Weeds around Auckland City will be wilting at their roots after a decision to spend an additional $300,000 in the 2001/2002 financial year was made by Auckland City’s Parks and Recreation Committee recently. Subject to budget approval by the Combined Committees of Council, the Committee also endorsed an implementation programme designed to progressively achieve a 75% reduction in herbicide usage levels by 2005.

“Six years ago there were up to ninety different types of herbicide in use in parks, reserves and along the streets in Auckland,” said acting Chairman, Councillor Bill Christian. “Today, we have reduced that number to only three,” he said. He attributed the success of the policy so far to hard-working Council officers and to the establishment of the Weed Management Group. Formed two years ago the Group provides weed management advice and monitors policy implementation. It also considers applications for ‘non-approved’ herbicide use needed for extra difficult noxious weeds.

There are eleven members of the Group with representatives from the Department of Conservation, Auckland Regional Council, Landcare Research, AgResearch, contractors, and a community representative and staff members with expertise in the parks, street environments and parks planning areas.

Before the introduction of the policy, restrictions only applied to organophosphates. The policy has ensured that it now concentrates on reducing many other different herbicides as well. “We are currently using Roundup, Escort and Versatil which control most general weeds, woody weeds and turf weeds respectively”, said Councillor Christian. “They are considered to combine the best weed control results with the lowest toxicity ratings”.

Weeds in all playgrounds in Auckland City are now being controlled with non-herbicides. Parks officers will grant permission for minor spot spraying using the three previously mentioned herbicides, if it is deemed necessary. A turf weed management trial is currently underway at Michaels Avenue Sportspark. This area was chosen as it has three sports fields adjacent to each other allowing for a clear comparison and assessment of the results.

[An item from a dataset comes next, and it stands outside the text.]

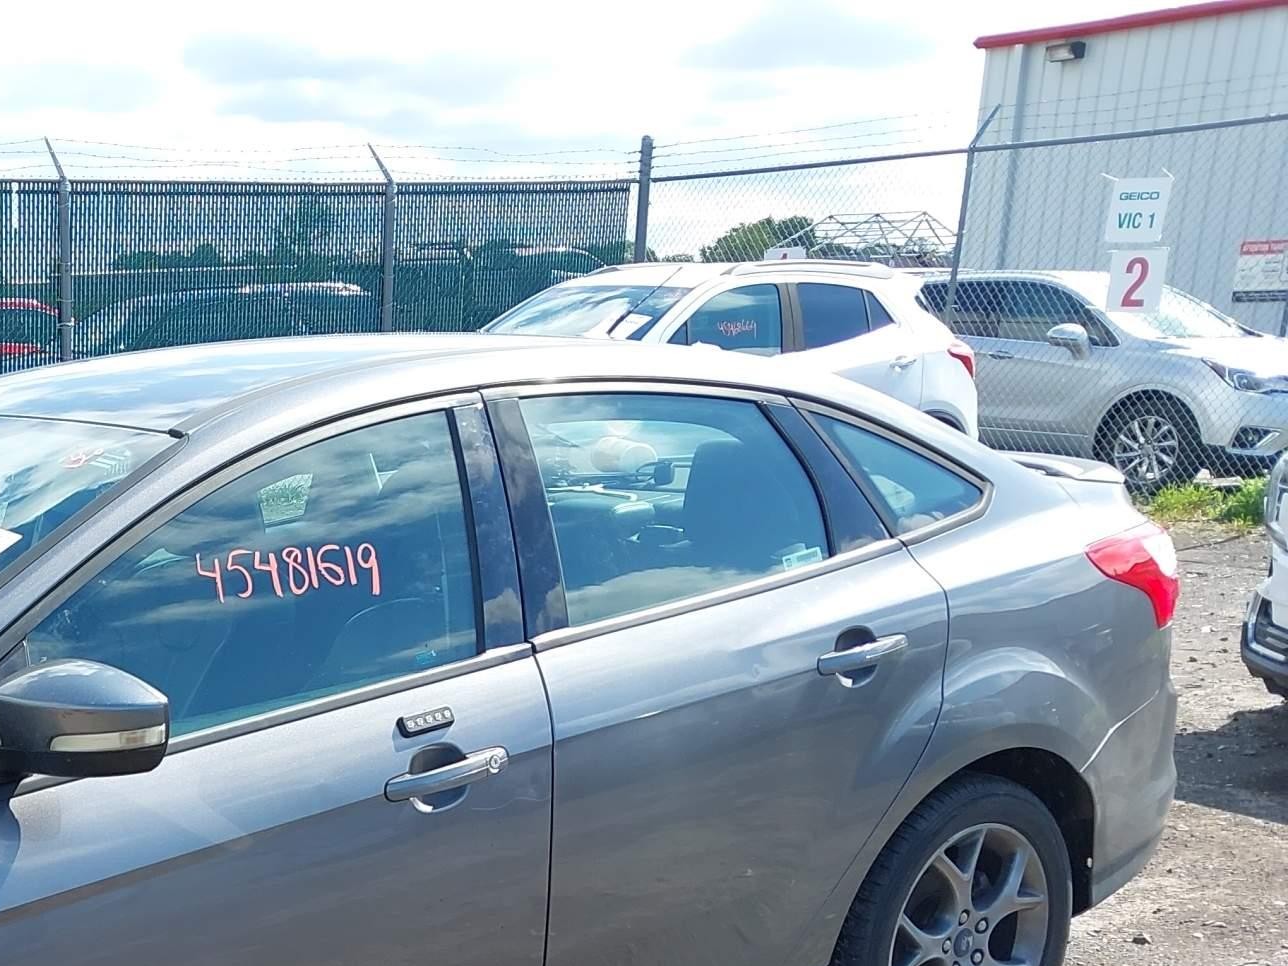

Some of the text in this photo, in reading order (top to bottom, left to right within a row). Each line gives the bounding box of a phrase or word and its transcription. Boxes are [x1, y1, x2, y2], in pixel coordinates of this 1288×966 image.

[1119, 191, 1160, 201] GEICO
[1118, 211, 1156, 229] VIC 1
[1120, 256, 1150, 308] 2
[195, 542, 381, 604] 45481619

The first field is the control field where current maintenance regimes will continue. Field two will be subject to an intensified maintenance regime and the third field will be intensively fertilised. The objective of the last two trials is to establish optimum growing conditions for turf grasses to allow them to out-compete weed species. Councillor Christian said that it would probably take a year to verify results and several years to show consistency in the results after which the maintenance regimes will be extended citywide.

Contractors are required to keep accurate logs of which herbicides are being used and for what purpose. It will take until June 2001 until there is enough comparable data available showing the real trends on the current usage of herbicides.

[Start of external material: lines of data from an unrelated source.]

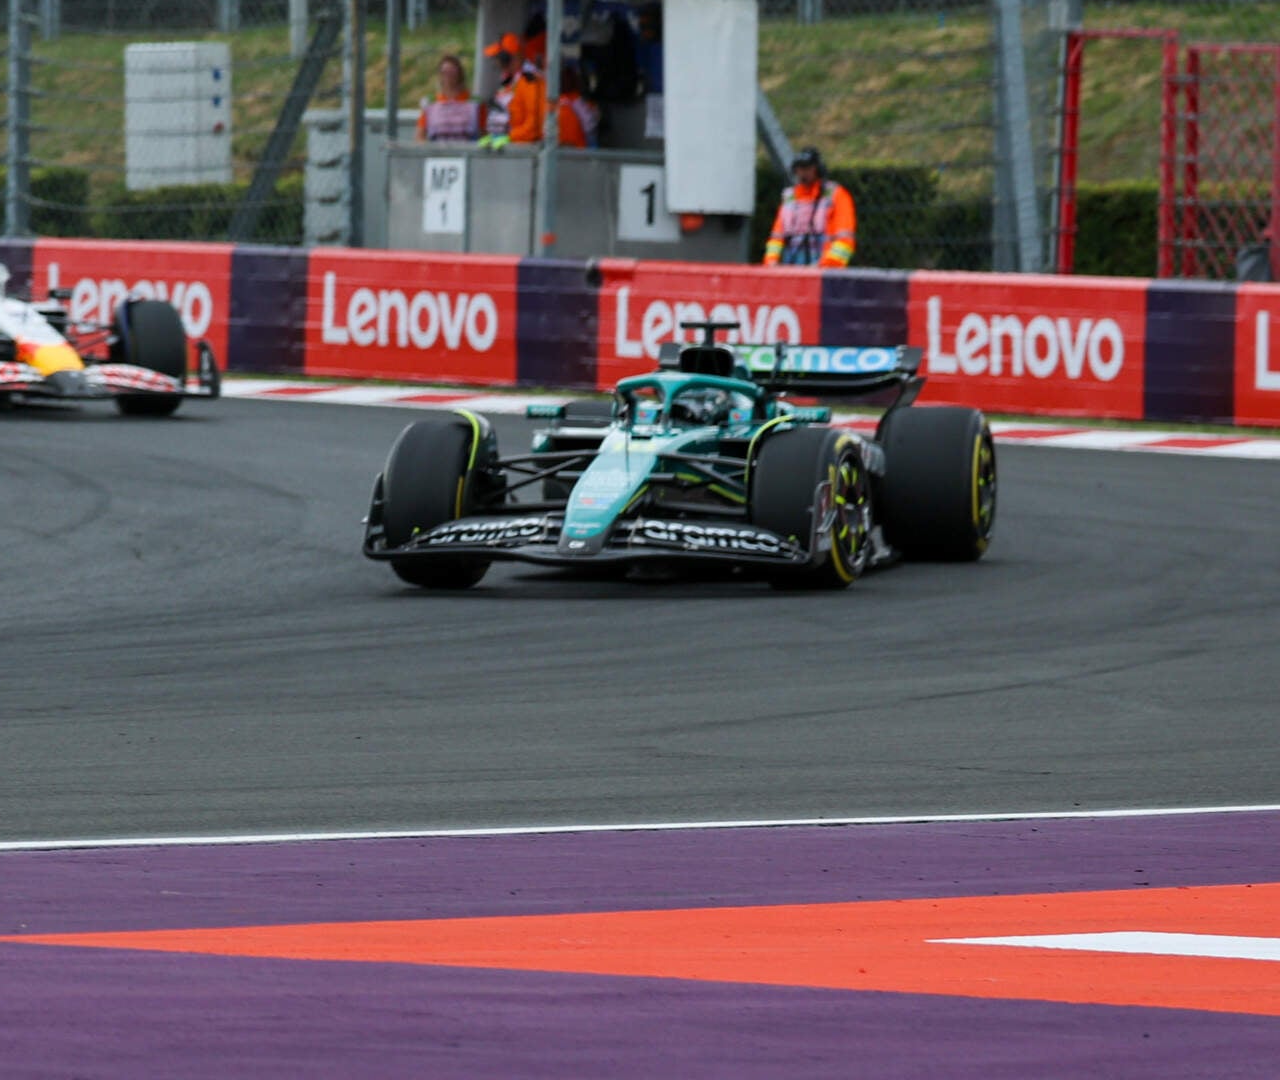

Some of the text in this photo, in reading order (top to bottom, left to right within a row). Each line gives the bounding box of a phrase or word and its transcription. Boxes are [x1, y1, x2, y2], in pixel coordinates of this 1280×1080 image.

[431, 166, 459, 191] MP
[640, 181, 657, 227] 1
[322, 270, 499, 352] Lenovo
[926, 295, 1125, 382] Lenovo
[736, 346, 889, 371] ramco
[644, 520, 780, 552] aramco

There are still some areas of the Weed Management Policy that have yet to be implemented pending the availability of sufficient funds. These include management of ‘natural areas’ - areas of native, exotic and mixed vegetation bush, wetlands, volcanic cones and grazed areas. “The greatest weed threat in and around Auckland City is the invasion of the few remaining bush remnants”, said Councillor Christian. Some of the more common invaders are wattle, monkey-apple, pine, tobacco weed, wandering jew, ginger and other species of vines. Tree privet is the major tree weed that threatens the bush.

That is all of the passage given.